TUTTI I FOTOGRAFI DI BICE

A questa Biennale di Venezia i fotografi non hanno dovuto fare salti mortali per interpretare il tema scelto da Bice Curiger, per il semplice motivo che si trovano per vocazione a manipolare la materia, la luce, che produce “Illuminazioni” nel senso più letterale (senza la N maiuscola). È come se giocassero in casa, insomma. La selezione fatta dalla curatrice svizzera non è stata per nulla scontata e quelli presenti al Padiglione centrale dei Giardini e all’Arsenale, pur non essendo i nomi più acclamati, sono fotografi importanti su cui val la pena soffermarsi. Di seguito propongo la mia personalissima classifica, con quale nota e/o promemoria.

1) JEAN-LUC MYLAYNE

Sarà perché ho appena finito di leggere “Freedom” di Jonathan Franzen, ma questo artista-birdwatcher non può che conquistare tutta la mia ammirazione. La sua ricerca sugli uccelli è completamente fuori moda, ma l’uso funambolico dello sfuocato e la raffinatezza della composizione suscitano come un fremito in chi presta un minimo di attenzione alle sei immagini scelte per l’Arsenale. Quel lampo di luce inattesa nella foto qui sopra è come se dettasse il senso a tutto il ciclo.

2) DAYANITA SINGH


Il suo “Dream Villa slide show” all’interno del parapadiglione di Franz West è una delle maggiori sorprese della Biennale. Questi bellissimi notturni a colori mostrano tutta la forza di una fotografa che ha costruito la sua carriera su un corpus in bianco e nero. Prima di entrare nella struttura di West, l’artista presenta un altro ciclo affascinante, “File Rooms”: immagini dal passato analogico nella super digitalizzata India. In “Dream Villa” la Singh ha il coraggio di prendere le distanze dalla retorica ritrattistica dei reportage sull’India e ci mostra il suo Paese così, senza persone, liberando tutta la poesia della solitudine di questi paesaggi urbani.

3) LUIGI GHIRRI


Dovrebbe essere al primo posto della classifica, ma ha il terribile svantaggio di non aver potuto scegliere lui le foto da portare alla Biennale. Voi direte: non ha senso parlare in questo modo nella Biennale che verrà ricordata come “quella di Tintoretto”. Già, però: guardate la stanza dedicata dalla Curiger a Sigmar Polke e poi andatevi a vedere quella allestita a Punta della Dogana. Qualcosa non torna. Sono convinto che se avessero chiesto a Polke quali quadri portare ai Giardini avrebbe scelto quelli indimenticabili di Pinault. Detto questo alcune delle foto di Ghirri sono da brivido. Vi propongo questa scusandomi di non riuscire a reperirne una versione più decente.

4) DAVID GOLBLATT


Le sue immagini sono ospiti del para-padiglione più riuscito, quello di Sosnowska. Sono presenti due “cicli”: uno di vedute dall’alto di luoghi di città sudafricane, l’altro di ritratti di criminali nei luoghi dove hanno commesso i deliti per i quali sono stati puniti. Devo dire che preferisco il primo al secondo: quel picnic nella periferia di Johannesburg è davvero un’immagine commovente (qui sopra).

5) ANNETTE KELM


C’è come una grazia, un ordine sottile che segna queste sue fotografie. Ma questo è tutto quello che so dire perché si tratta di un’artista troppo concettuale per una misera mente come la mia.

6) BIRDHEAD


Due giapponesi casinari. Non so se Araki sarebbe orgoglioso di loro.

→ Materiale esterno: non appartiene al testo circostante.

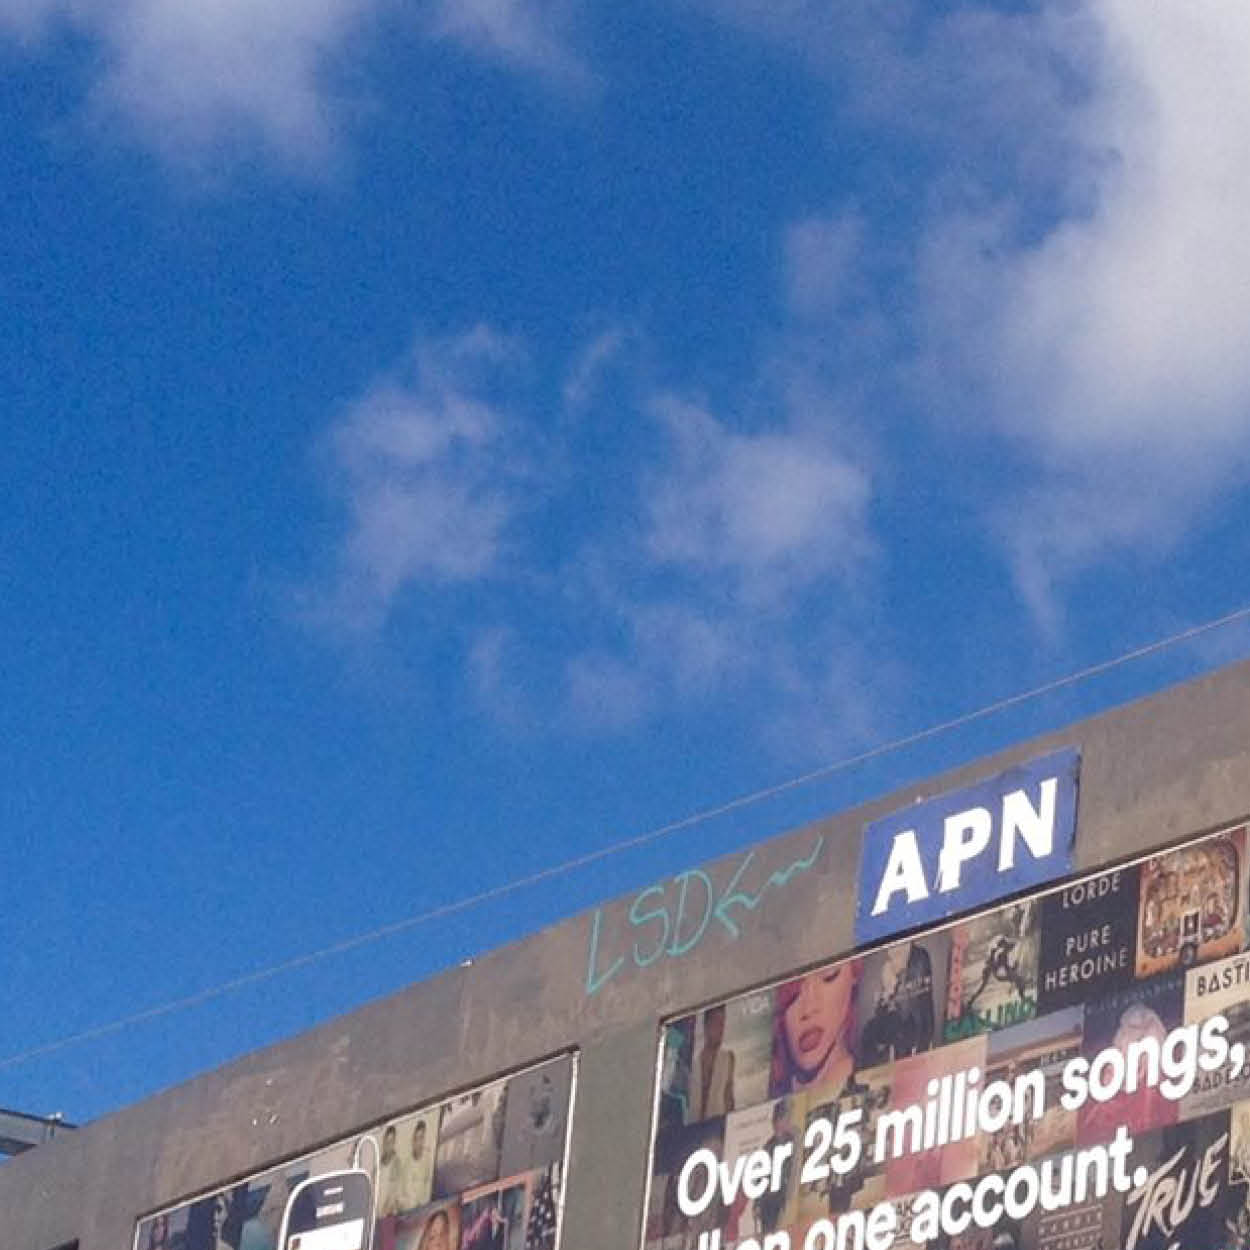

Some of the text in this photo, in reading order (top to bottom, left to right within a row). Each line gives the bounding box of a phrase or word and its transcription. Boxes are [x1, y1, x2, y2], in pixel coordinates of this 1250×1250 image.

TINTORETTO ALLA BIENNALE E LA TRINITÀ

Molti hanno detto della presenza delle tre tele di Tintoretto nel salone centrale del padiglione delle esposizioni ai Giardini. Ne ha parlato bene Giuseppe qui. Evidentemente tutti si sono concentrati, Bice Curiger per prima, nel sottolineare il rapporto che questi quadri avrebbero stabilito con le opere degli artisti contemporanei presenti in Biennale. Non so però se qualcuno abbia riflettuto sul rapporto interno a queste tre immagini. Io non so dire nulla con competenza sulla pittura di Tintoretto, ma noto una cosa legata ai soggetti scelti: i tre quadri delle biennale costituiscono un ciclo sulla Trinità.

  • Il Dio creatore di Tintoretto non è un motore immobile, è un creatore che sembra accompagnare le proprie creature, ed esse si muovono nella sua stessa direzione.
  • Il Figlio, è il Divino che entra nella storia. Gesù istituisce l’Eucarestia durante un banchetto concitato, in mezzo alla febbrile quotidianità della vita dei discepoli, molti dei quali non sembrano neanche accorgersi della solennità del momento.
  • Lo Spirito Santo è il permanere della presenza di Dio nella storia che tocca alcuni, i Santi, che più intensamente mostrano la loro vita cambiata e costituiscono i pilastri della Chiesa. Che poi il culto di questi Santi risulti talvolta roccambolesco è il segno che la Chiesa è fatta di uomini e con loro condivide le avventure più impensabili.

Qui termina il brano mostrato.